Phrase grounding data
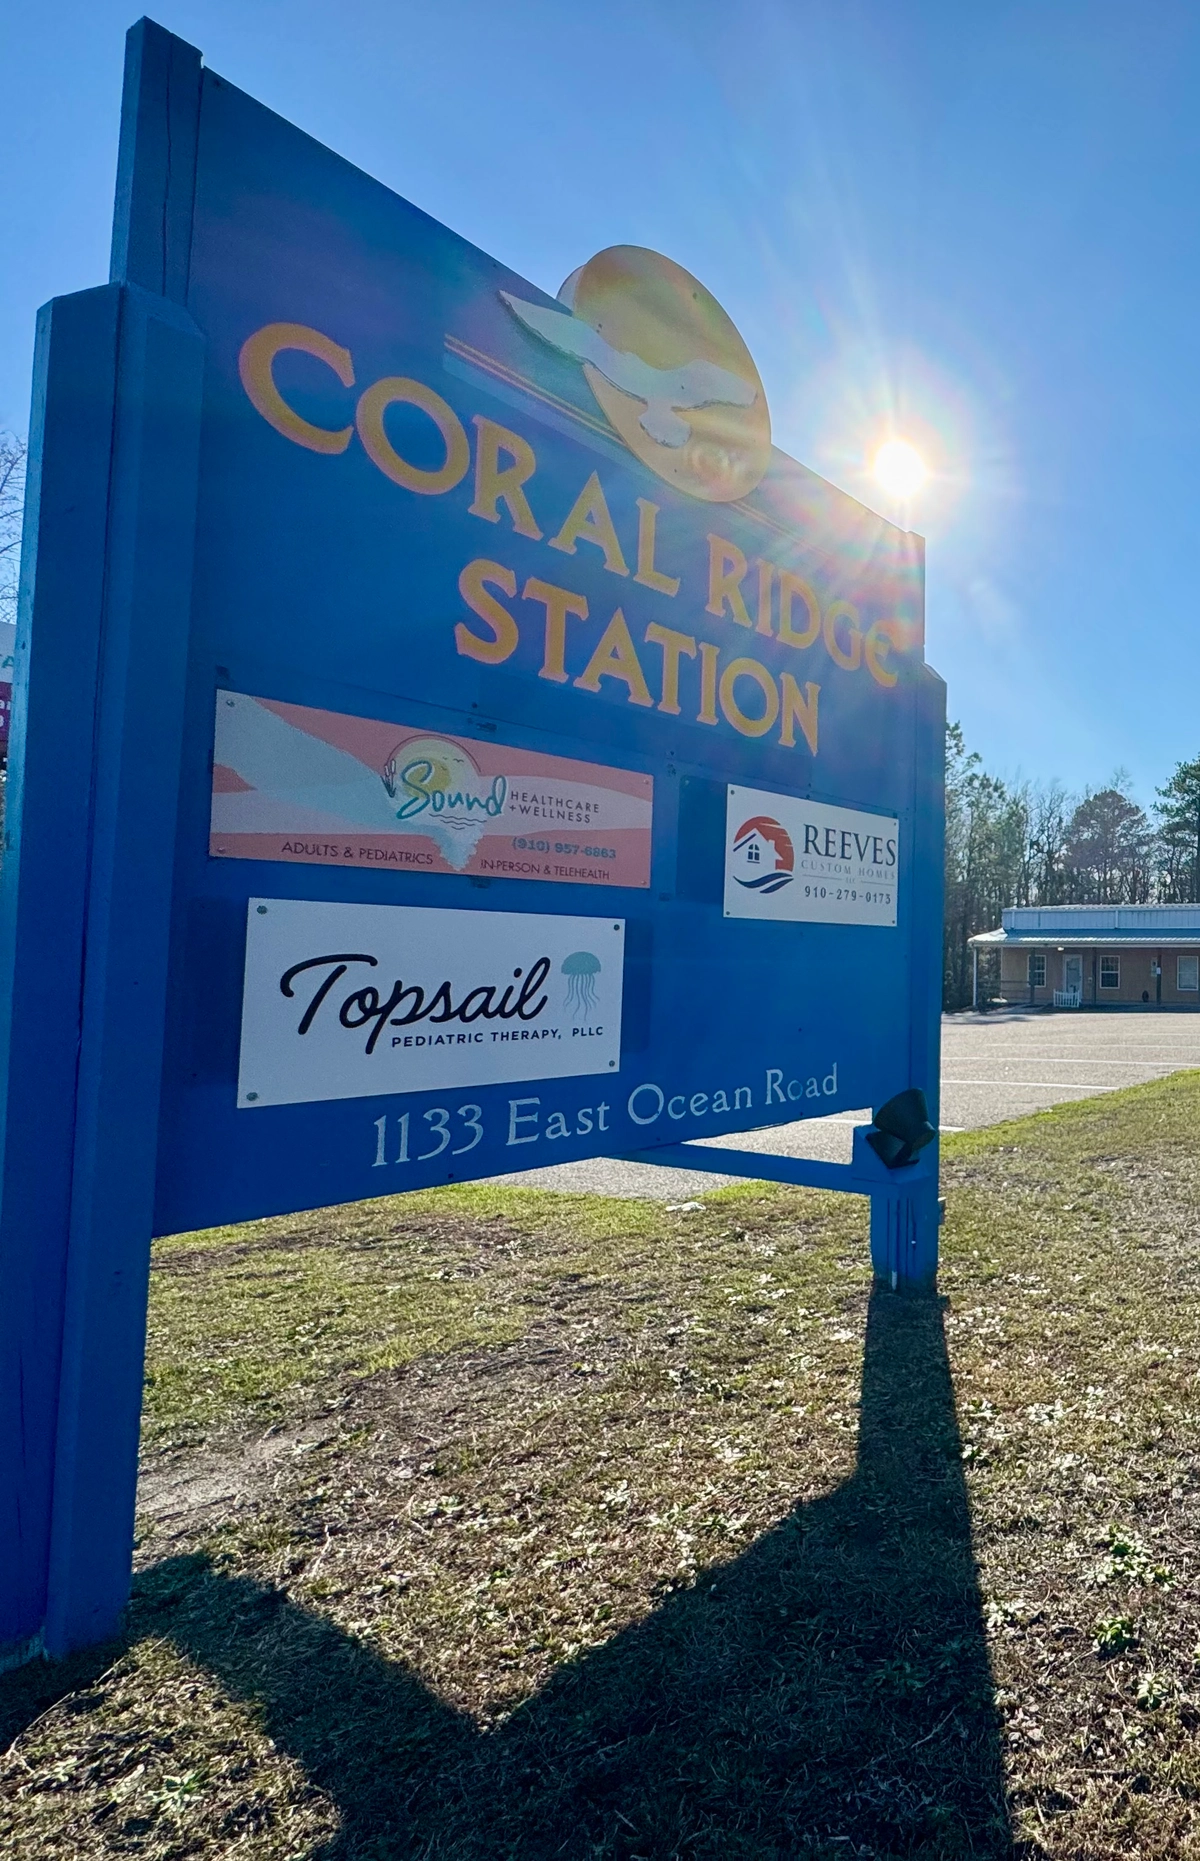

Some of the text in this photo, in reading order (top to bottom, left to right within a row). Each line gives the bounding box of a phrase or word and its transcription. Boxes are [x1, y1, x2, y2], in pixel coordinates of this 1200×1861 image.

[240, 322, 900, 689] CORAL RIDGE
[455, 559, 821, 756] STATION
[396, 760, 506, 820] Sound
[510, 790, 600, 814] HEALTHCARE
[281, 841, 434, 865] ADULTS & PEDIATRICS
[512, 836, 617, 859] (910) 957-6863
[803, 823, 897, 867] REEVES
[480, 859, 610, 880] IN-PERSON & TELEHEALTH
[801, 859, 896, 880] CUSTOM HOMES
[804, 885, 891, 904] 910-279-0173
[279, 953, 551, 1055] Topsail
[391, 1026, 603, 1048] PEDIATRIC THERAPY, PLLC
[372, 1062, 839, 1168] 1133 East Ocean Road
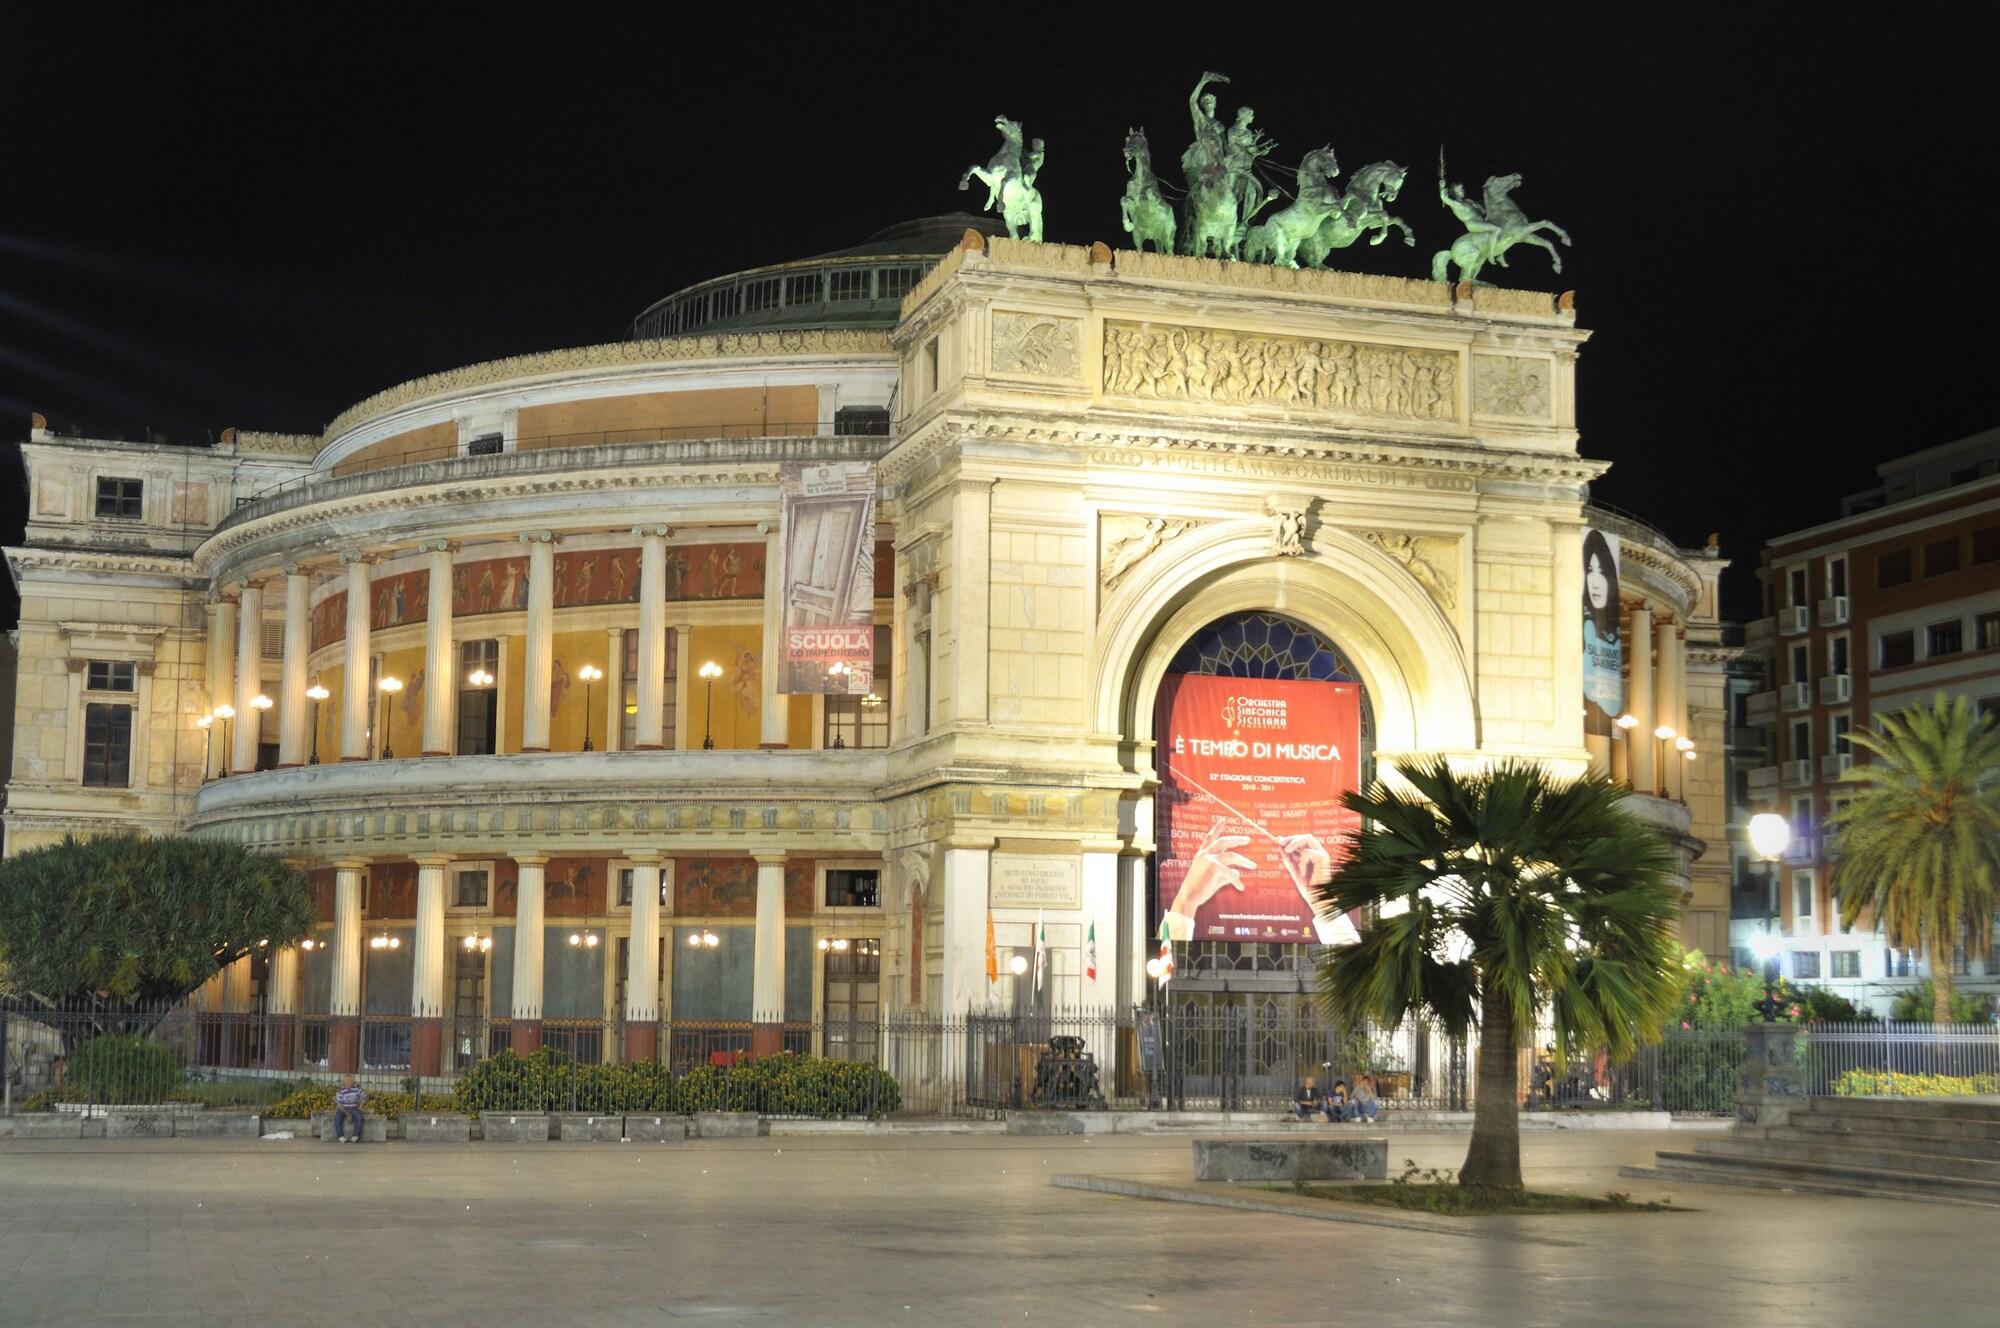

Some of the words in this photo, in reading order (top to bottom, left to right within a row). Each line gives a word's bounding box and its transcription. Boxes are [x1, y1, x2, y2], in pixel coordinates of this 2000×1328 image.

[1166, 455, 1278, 476] POLITEAMA
[1295, 465, 1398, 486] GARIBALDI
[790, 634, 870, 649] SCUOLA
[790, 649, 803, 657] LO
[806, 649, 870, 657] IMPEDIREMO
[1237, 696, 1287, 708] ORCHESTRA
[1237, 706, 1287, 717] SINFONICA
[1237, 715, 1287, 726] SICILIANA
[1175, 734, 1185, 754] È
[1189, 739, 1249, 758] TEMPO
[1253, 742, 1271, 759] DI
[1276, 743, 1341, 761] MUSICA
[1220, 773, 1253, 783] STAGIONE
[1253, 774, 1306, 784] CONCERTISTICA
[1241, 783, 1256, 791] 2010
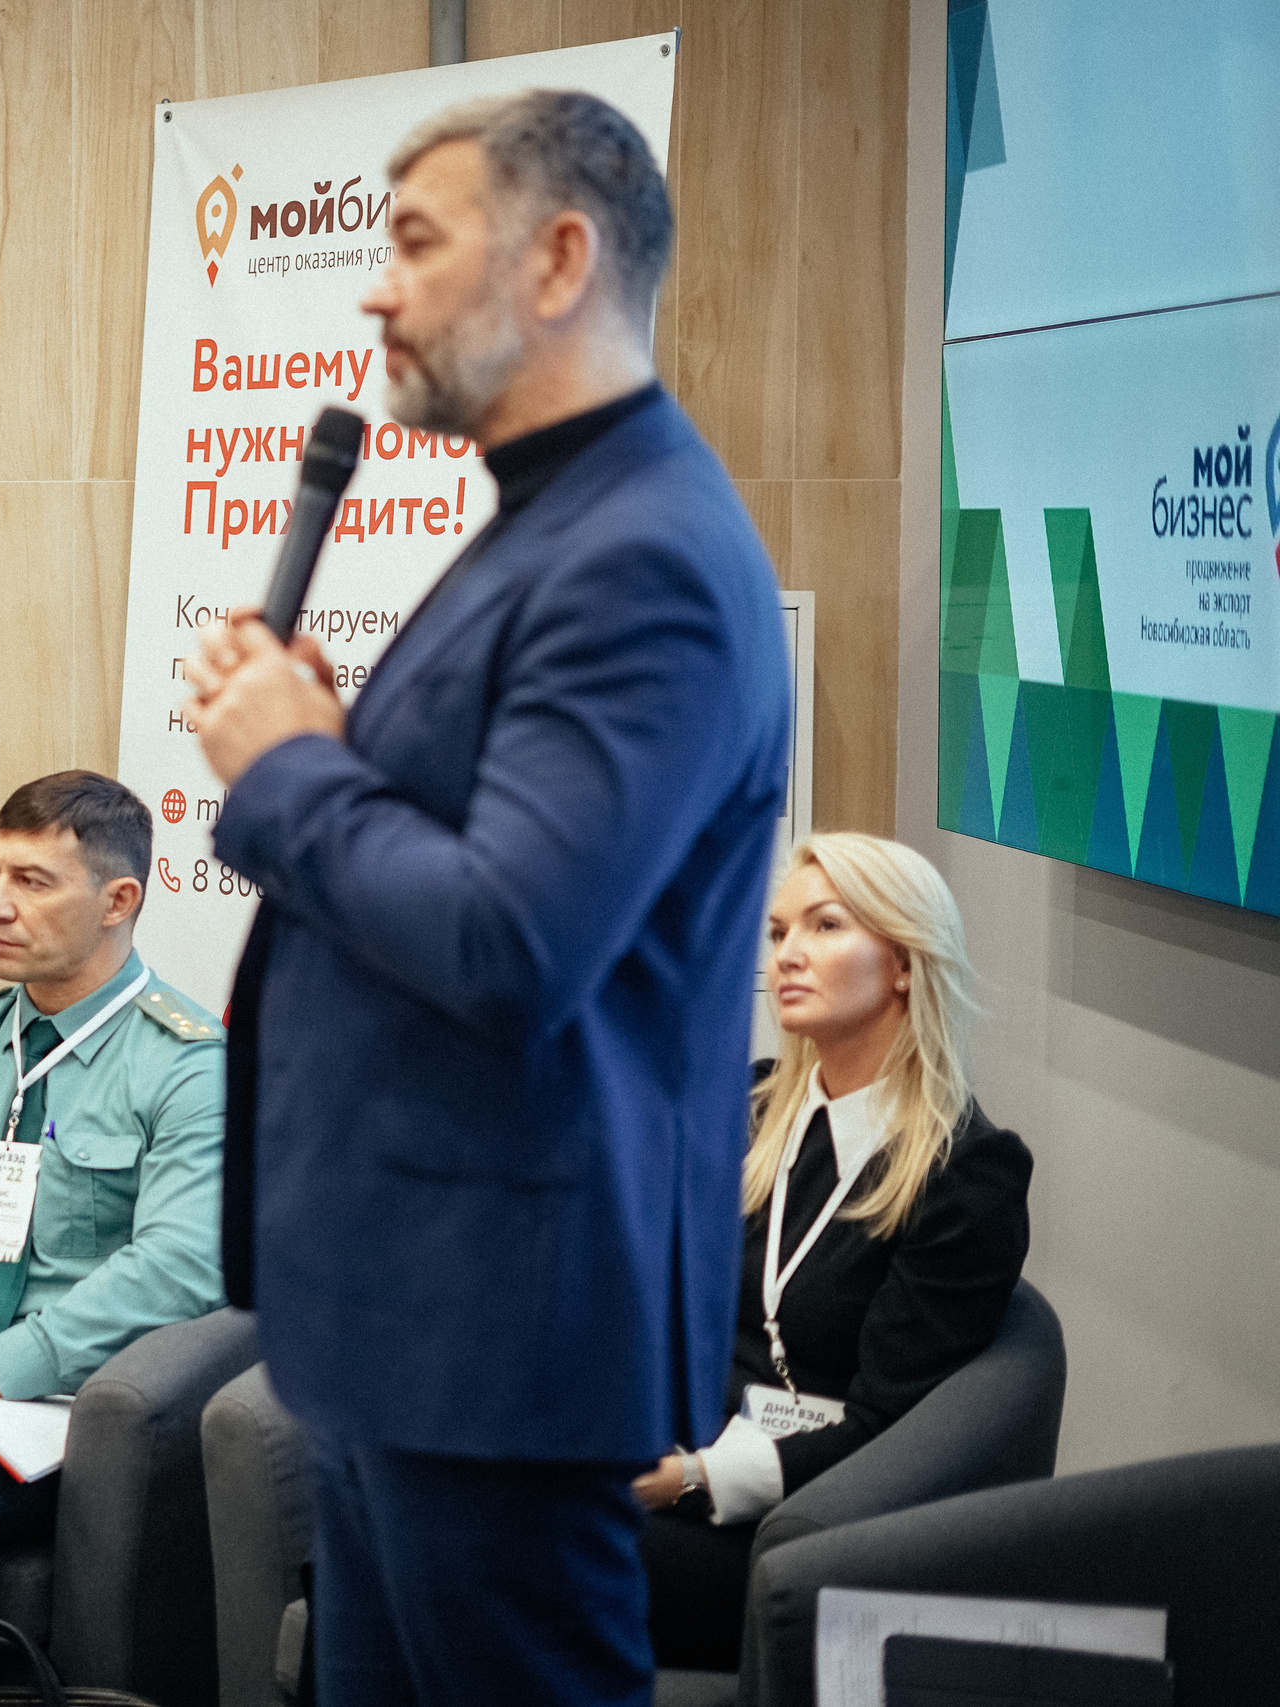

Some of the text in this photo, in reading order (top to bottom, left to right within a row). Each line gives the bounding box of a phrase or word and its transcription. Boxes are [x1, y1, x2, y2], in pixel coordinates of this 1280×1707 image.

[249, 174, 398, 241] мойби
[248, 254, 291, 278] центр
[294, 248, 363, 271] оказания
[192, 338, 374, 402] Вашему
[186, 421, 485, 478] нужн омо
[1192, 424, 1253, 488] мой
[183, 476, 466, 550] Прихдите!
[1151, 474, 1253, 539] бизнес
[1185, 559, 1251, 586] продвижение
[176, 594, 399, 643] Контируем
[1198, 592, 1251, 620] на экспорт
[1140, 614, 1251, 650] Новосибирская область
[192, 858, 208, 893] 8
[8, 1153, 26, 1165] ВЭД
[763, 1401, 826, 1424] ДНИ ВЭД

Task to complete =
Without changing a word, retype the data above and omit its pictures.

Expected answer =
Some of the text in this photo, in reading order (top to bottom, left to right within a row). Each line gives the bounding box of a phrase or word and its transcription. Boxes are [x1, y1, x2, y2], in pixel coordinates of this 1200×1861 image.

[240, 322, 900, 689] CORAL RIDGE
[455, 559, 821, 756] STATION
[396, 760, 506, 820] Sound
[510, 790, 600, 814] HEALTHCARE
[281, 841, 434, 865] ADULTS & PEDIATRICS
[512, 836, 617, 859] (910) 957-6863
[803, 823, 897, 867] REEVES
[480, 859, 610, 880] IN-PERSON & TELEHEALTH
[801, 859, 896, 880] CUSTOM HOMES
[804, 885, 891, 904] 910-279-0173
[279, 953, 551, 1055] Topsail
[391, 1026, 603, 1048] PEDIATRIC THERAPY, PLLC
[372, 1062, 839, 1168] 1133 East Ocean Road

Some of the words in this photo, in reading order (top to bottom, left to right within a row). Each line gives a word's bounding box and its transcription. Boxes are [x1, y1, x2, y2], in pixel coordinates of this 2000×1328 image.

[1166, 455, 1278, 476] POLITEAMA
[1295, 465, 1398, 486] GARIBALDI
[790, 634, 870, 649] SCUOLA
[790, 649, 803, 657] LO
[806, 649, 870, 657] IMPEDIREMO
[1237, 696, 1287, 708] ORCHESTRA
[1237, 706, 1287, 717] SINFONICA
[1237, 715, 1287, 726] SICILIANA
[1175, 734, 1185, 754] È
[1189, 739, 1249, 758] TEMPO
[1253, 742, 1271, 759] DI
[1276, 743, 1341, 761] MUSICA
[1220, 773, 1253, 783] STAGIONE
[1253, 774, 1306, 784] CONCERTISTICA
[1241, 783, 1256, 791] 2010

Some of the text in this photo, in reading order (top to bottom, left to right within a row). Each line gives the bounding box of a phrase or word and its transcription. Boxes are [x1, y1, x2, y2], in pixel coordinates of this 1280×1707 image.

[249, 174, 398, 241] мойби
[248, 254, 291, 278] центр
[294, 248, 363, 271] оказания
[192, 338, 374, 402] Вашему
[186, 421, 485, 478] нужн омо
[1192, 424, 1253, 488] мой
[183, 476, 466, 550] Прихдите!
[1151, 474, 1253, 539] бизнес
[1185, 559, 1251, 586] продвижение
[176, 594, 399, 643] Контируем
[1198, 592, 1251, 620] на экспорт
[1140, 614, 1251, 650] Новосибирская область
[192, 858, 208, 893] 8
[8, 1153, 26, 1165] ВЭД
[763, 1401, 826, 1424] ДНИ ВЭД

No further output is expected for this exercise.